Clinicians have come to
recognize the severe damage that abuse does to the possibility of
establishing sound and long lasting relationships. Some have identified
this consequence as Affect Phobia.
“When people are unable
to use or respond to their affects in healthy ways, they can develop
symptoms and/or engage in patterns of maladaptive behavior. This
inability to respond adaptively to affect is usually unconscious, and is
often referred to as "Psychodynamic Conflict," but a key point of our
work is that it can also be thought of as an "Affect Phobia." Experience
with victims of sexual abuse by clergy demonstrates clearly and
painfully that relationships, no matter how desirable, are approached as
lethal. The fear leads unavoidably to psychic isolation.
6. NONE SO ISOLATED:
The survivors of abuse have a lonely core that isolates them from
themselves and everyone else. That core is unassailable because it is
entrapped in an unspoken and unimaginable secrecy. They can’t share
because the secret is often hidden from them. Even if they have memory
traces they cannot put them together in any coherent way that will make
sense to anyone. Even if the memories are clear, indelibly burnt into
their mind and heart, many men and women have no way to scale the wall
of guilt and shame that surrounds their childhood secrets.
Victims, in their isolation,
think that they are to only victim.
With their secrets they are
isolated from anyone they could hope might understand what they have
been through. They don’t understand themselves. How can they believe
what happened to them in secret when their experience of their whole
world—family, school, friends, church—appear so unaware and oblivious of
their darkness and trauma.
The survivors guard their
secret even if it makes them ill. Unto death some victims hug their
secret because they promised to keep it. Some children defend their
abuser because the abuse is bound up with the promise of security and
the feeling of being loved and special in spite of contrary evidence.
It takes victims of childhood
sexual abuse years to straighten out their trauma experience. The mixed
feelings of premature excitement, guilt transferred from the aggressor,
the challenges of separating fantasies from reality are tasks far beyond
the ego capacity of most minors.

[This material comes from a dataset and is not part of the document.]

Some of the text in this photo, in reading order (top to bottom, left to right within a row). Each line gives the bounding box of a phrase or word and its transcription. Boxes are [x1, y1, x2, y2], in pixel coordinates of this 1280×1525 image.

It takes the average victim of abuse 25
to 30 years to bring them to the realization that they were not at
fault. The guilt they feel is not rightfully theirs but the property of
the abuser. The anger they experience is justified. It takes time to
learn that they have rights and power even in face of opposition from
men and institutions they once considered invincible and infallible.

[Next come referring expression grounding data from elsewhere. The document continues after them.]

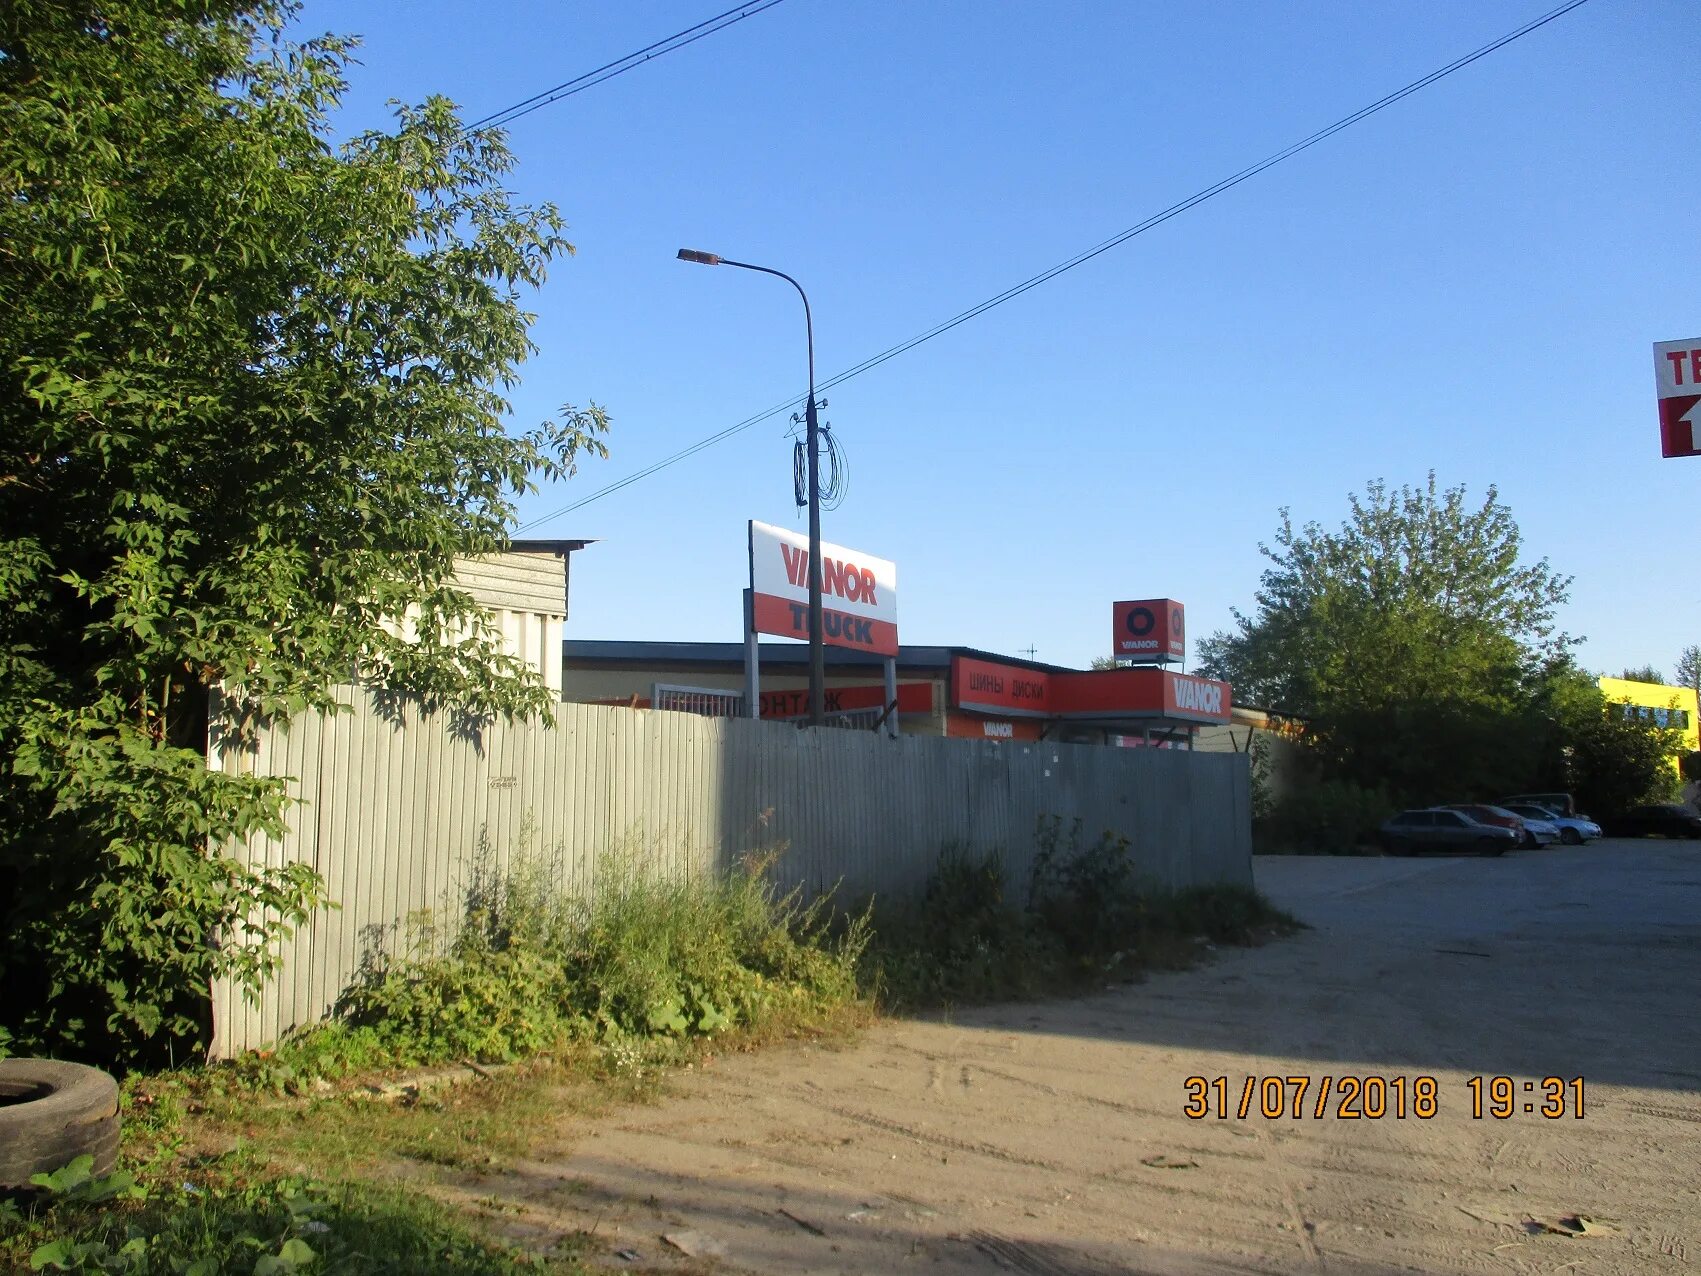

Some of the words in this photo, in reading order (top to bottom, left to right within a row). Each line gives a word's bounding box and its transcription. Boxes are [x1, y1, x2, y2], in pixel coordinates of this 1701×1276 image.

[780, 543, 877, 606] VINOR
[789, 603, 873, 644] TUCK
[1122, 640, 1159, 649] VIANOR
[969, 672, 1004, 694] ШИНЫ
[1012, 679, 1043, 699] ДИСКИ
[1174, 678, 1222, 713] VIANOR

7. PERSONALITIES PERVERTED:
Perverted may seem to be a strong word to describe the effect on the
personality development of young persons who have been sexual abused.
But the word is precise. Abuse twists the normal progression of
personality growth and development.
Over and above the distortions
of perceptions and reactions that anxiety and depression impose on the
developing child, the behavior of an adult who acts in ways that are
socially abhorrent and morally wrong challenge the child’s conscience
and judgment beyond reconcilable bounds. The clergyman presents himself,
and is accepted, as a public moral arbiter. Yet this civic and religious
leader draws the youngster into acts that are socially and morally
unacceptable. And must remain hidden. The bond of secrecy forms a noose
that chokes maturing expression.
The “poor little good child”
frequently becomes the object of the adult predator. The child’s
malleability, need to please, and the satisfaction the child gets in
giving pleasure makes the youngster vulnerable to the adult who preys on
minors. The abusing adult (priest, teacher, coach, or scout master) is
skilled in establishing a friendship with the serious and dutiful child.
But the relationship is
essentially conflicted and confusing. The child is seduced into a
seemingly loving secure relationship that actually separates him or her
from peers and family. The seducer grooms the child into a position of
specialness that makes age appropriate friends and normal activities
less attractive and inaccessible.
What is real? What is pretense?
What seemed to be love and care turns out to be selfishness and
exploitation. One who appeared to be giving and generous was actually
self-seeking and hateful. The abusive bond of childhood can become the
model for adult interactions predisposing one to a Schizoid-like
personality pattern of interaction.
A child’s conscience is formed
not simply by education, but by adult example, experience, and
relationships with others that have been meaningful to him or her.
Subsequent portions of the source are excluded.